Wednesday, January 26, 2011

Way


A week it’s been, I think, since I’ve been outside four walls. Just I and walls. I haven’t been to office in a week. My work is being done somehow though it’s hard to tell how. Since what is expected of me is being delivered I’m not called. I wouldn’t know to call. I’m not a foodie, and I don’t crave for food as such. When I look at the basket it’s wiped nearly clean. A question ripples inside my head: Have I been eating out of it? I think the last time the maid marched in was two weeks ago. Either I wasn’t eating at all or-. I think the landlady forgot to chain those big dogs. From their stomping and barking I infer a craving for flesh and blood. I search for a little pocket book. It’s called Forgetting Things. I can’t find it. I cannot remember who borrowed it. It’s not there. I don’t know why. It’s just not there.


Day eight finds me wandering the streets. The kid on a rooftop sings: F…L…A…G. Her brother beside is hoisting a kite. My sight cannot see beyond its lifeline called thread.

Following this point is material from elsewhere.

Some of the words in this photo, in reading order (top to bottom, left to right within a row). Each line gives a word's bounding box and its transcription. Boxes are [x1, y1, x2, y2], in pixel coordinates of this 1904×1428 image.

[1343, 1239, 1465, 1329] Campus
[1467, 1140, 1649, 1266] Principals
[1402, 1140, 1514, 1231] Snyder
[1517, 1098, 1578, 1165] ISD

It’s freezing cold. My hands reach to zip the windbreaker. I am surprised that I’m wearing just a cotton layer. There goes an old man with a whipped puppy expression. Did his granddaughter tell him to piss off? Here comes a young lady in pantsuit. She looks the part I think. It’s hard to tell what part. This urge to be someplace creeps inside me. I’m in a taxi and I’m alarmed. I only wanted to hire an auto. It’s a traffic halt. I want to ask one of those people at bus stop if they know where my office is. I cannot bring myself to do it. I don’t remember the name of my firm. I don’t know where my workplace is.

The day after, which is the tenth day, I’m at work. I am at my desk almost through with day’s work. The basket to my left beckons my attention. I don’t know why. Those stained paper cups, do they know they’re used? I see Right and then scroll back, delete, and type Write. For a second work feels easy. I see Lied, replace i with a, e with i. For a second work feels strenuous. I don’t want to finish my work. It’s hard to tell why. I just don’t want to. I’m trying but I cannot remember my way home.

Friday, January 21, 2011

Distance



There’s a dog that’s circling at your gate like a cat just gave birth she says into her mic. What do I do?

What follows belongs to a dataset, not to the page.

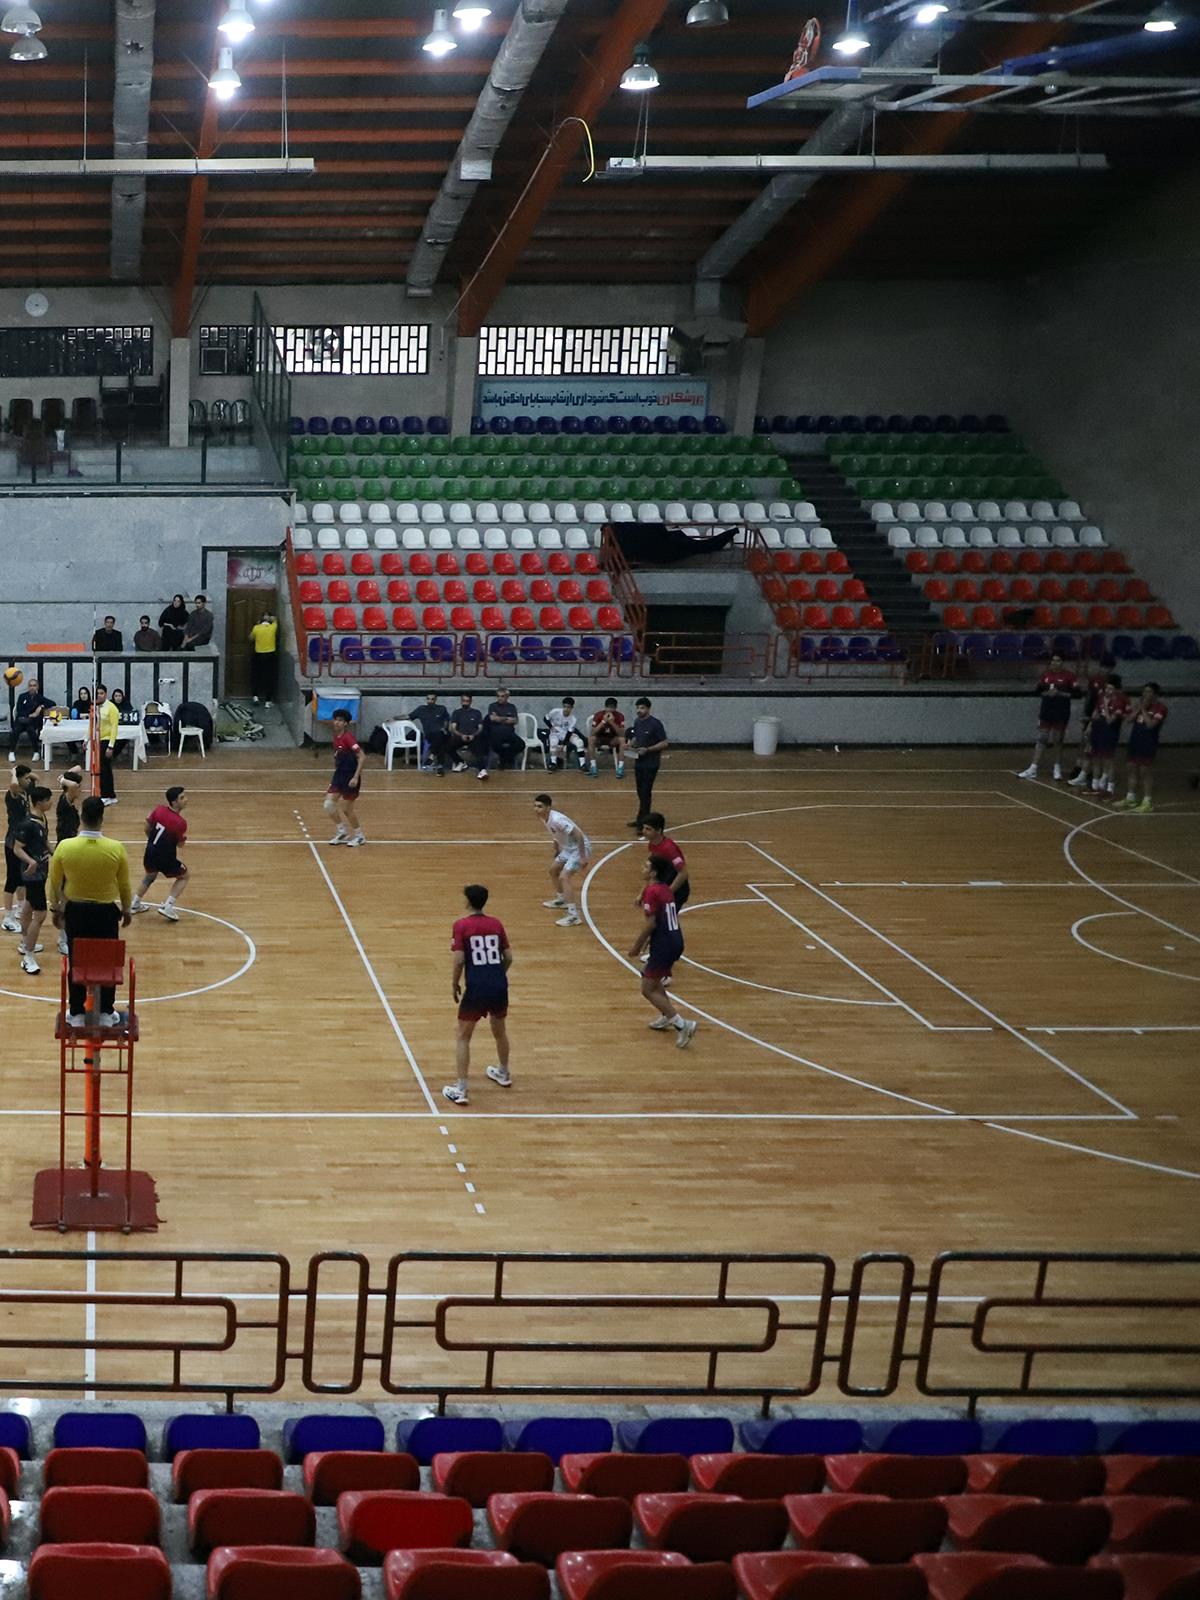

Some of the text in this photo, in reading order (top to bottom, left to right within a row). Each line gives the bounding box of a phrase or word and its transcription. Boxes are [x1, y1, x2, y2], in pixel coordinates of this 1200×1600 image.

[129, 712, 138, 722] 14
[153, 822, 166, 845] 7
[665, 901, 679, 931] 10
[469, 934, 501, 966] 88

She turns her phone to capture that movement. See that?

But... he says glancing at the screen. Hang on. He smiles to the interface as he rushes to her window.  In return, she’s not smiling at all. No he says. No dog there, honey.  Just someone looking for her lost car key?

Right she says. That someone is the dog and…it’s your ex. What do I do?

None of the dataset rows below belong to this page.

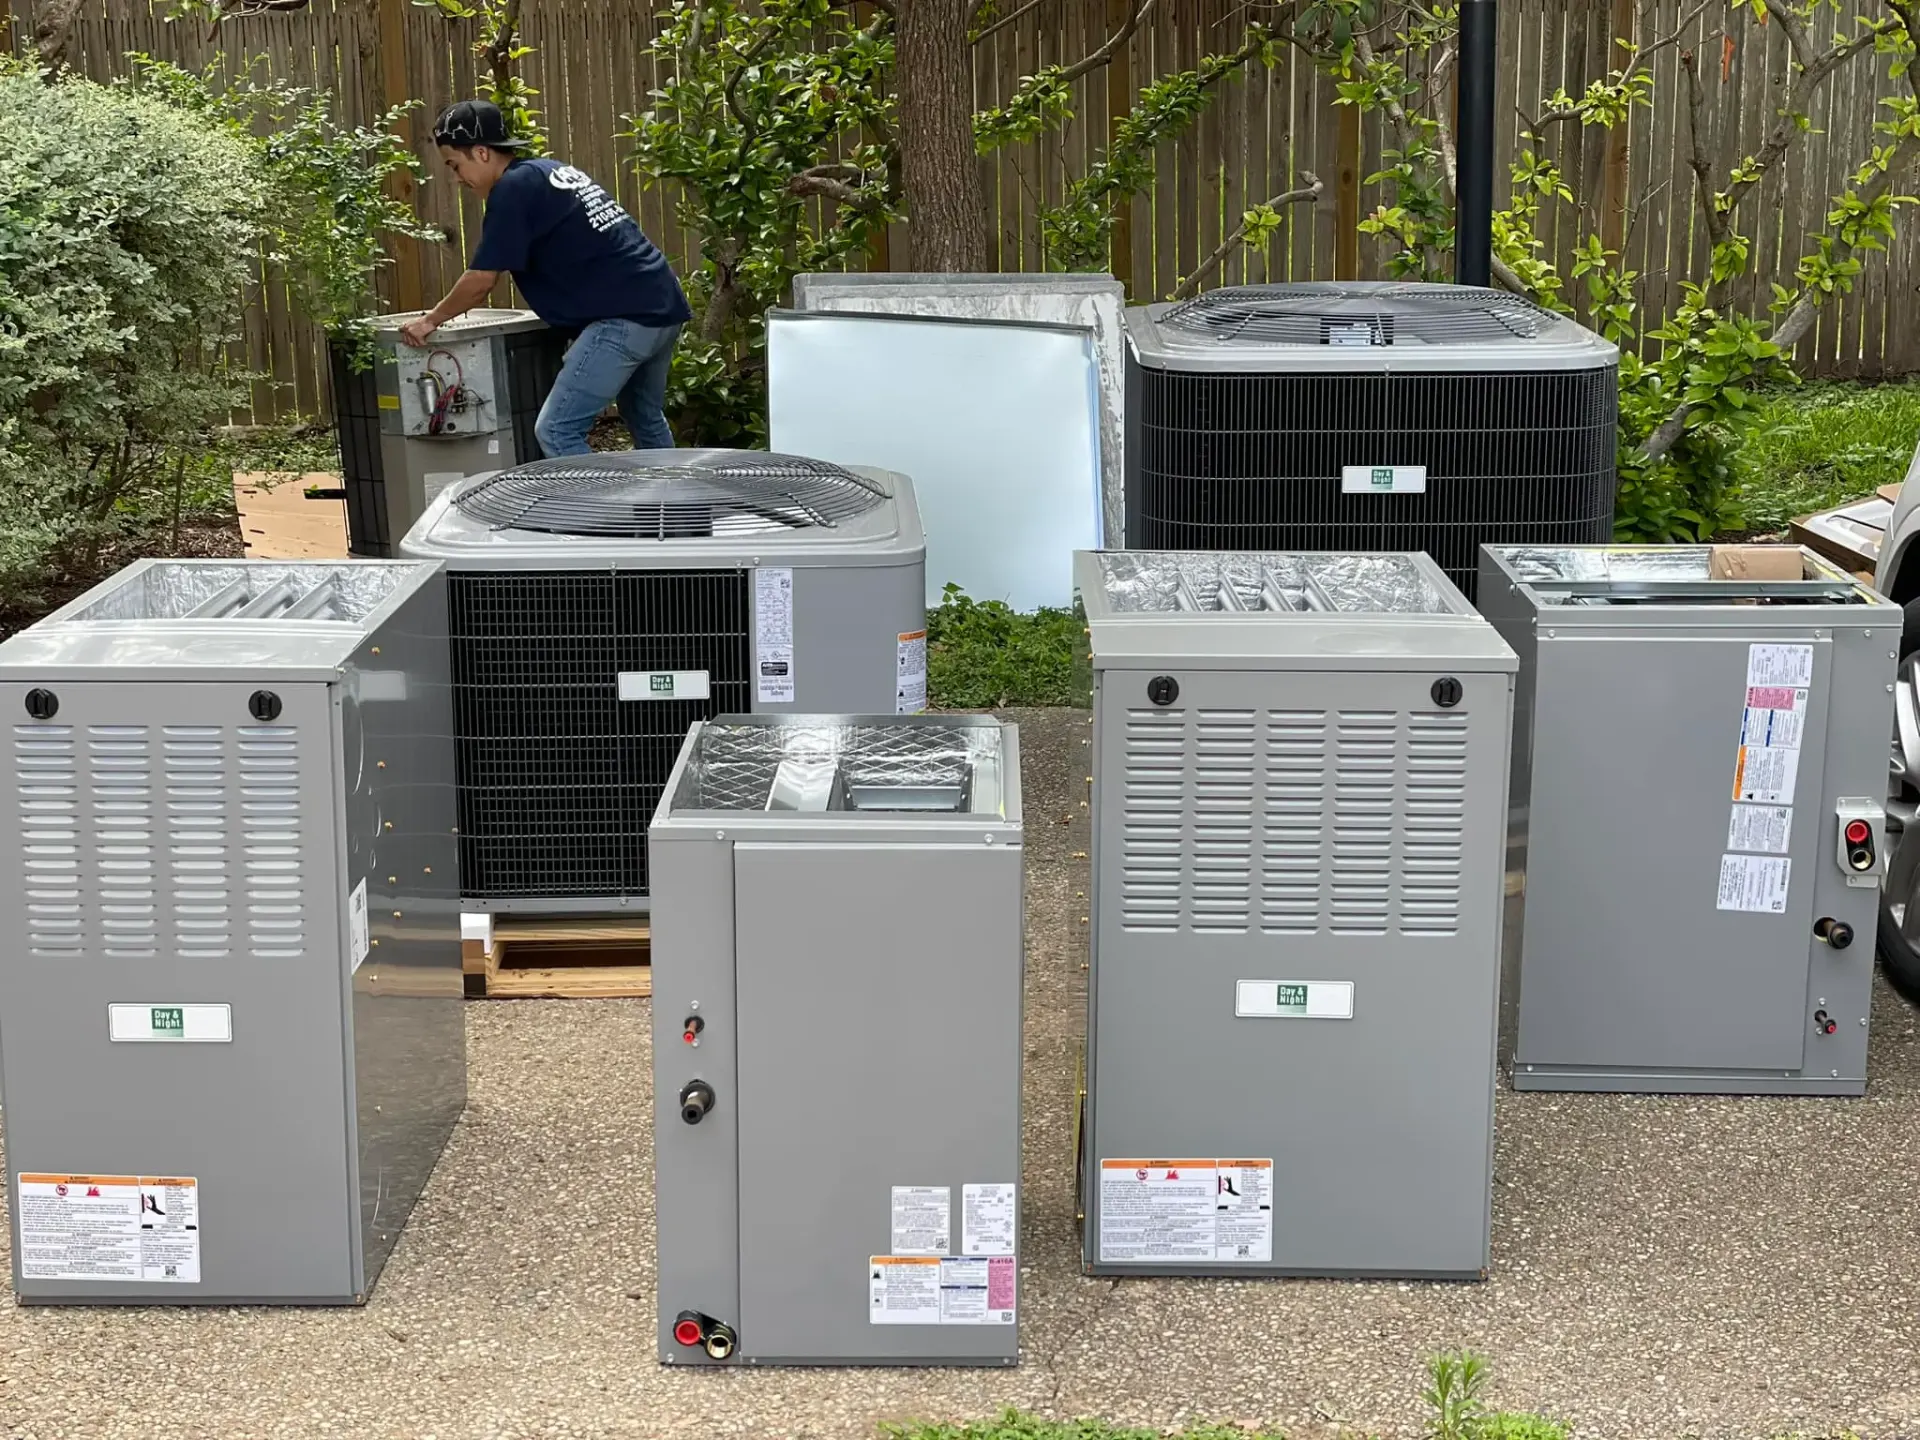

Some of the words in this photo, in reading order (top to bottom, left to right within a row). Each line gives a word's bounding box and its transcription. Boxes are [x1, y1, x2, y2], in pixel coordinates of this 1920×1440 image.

[1373, 470, 1385, 478] Day
[1280, 986, 1296, 997] Day
[1297, 986, 1304, 996] &
[1280, 995, 1304, 1005] Night
[154, 1010, 170, 1020] Day
[172, 1010, 179, 1019] &
[154, 1019, 180, 1029] Night

Really… he says. …You just met me an hour ago. We switched homes. And I'm not supposed to meet you for the next twelve hours and we aren’t. You do go ahead and deal with it. I’ve got nothing to be afraid of.


One hundred feet is the distance between the two homes. Outside where the boulevard is a signboard in a corner reads Residence Spouses Independence. Inside where the souls rest a chiseled clock face says 2012. The calendar beside displays February 13, 2031.




Sunday, January 16, 2011

Ethic Cleansing




It is in J. Heinrich Arnold’s Freedom From Sinful Thoughts I read where he talks about hearing hateful remarks against Jews at the Gasthaus, his father Eberhard Arnold remarks “It may only be evil talk now,” and what begins as hate speech leads to Holocaust. That was 1920s. Year 2002 is when I am reading it, a time I am also reading Khushwant Singh’s columns in Hindustan Times. He writes one on an anomaly called saffronization just before he goes on to pen his End of India.  Around the same time, Vir Sanghvi heretofore critical of the First World’s tactics concerning Iraq, once the invasion bustles with opportunities takes a nosedive, in a manner only Chanakyan, suggests we aid to build and dip our finger in the well of oil. Year 2010, after her shamanic journey through the jungle Arundhati Roy talks about the sinister purpose behind demonizing the poorest people, who aren't consumers, in the country.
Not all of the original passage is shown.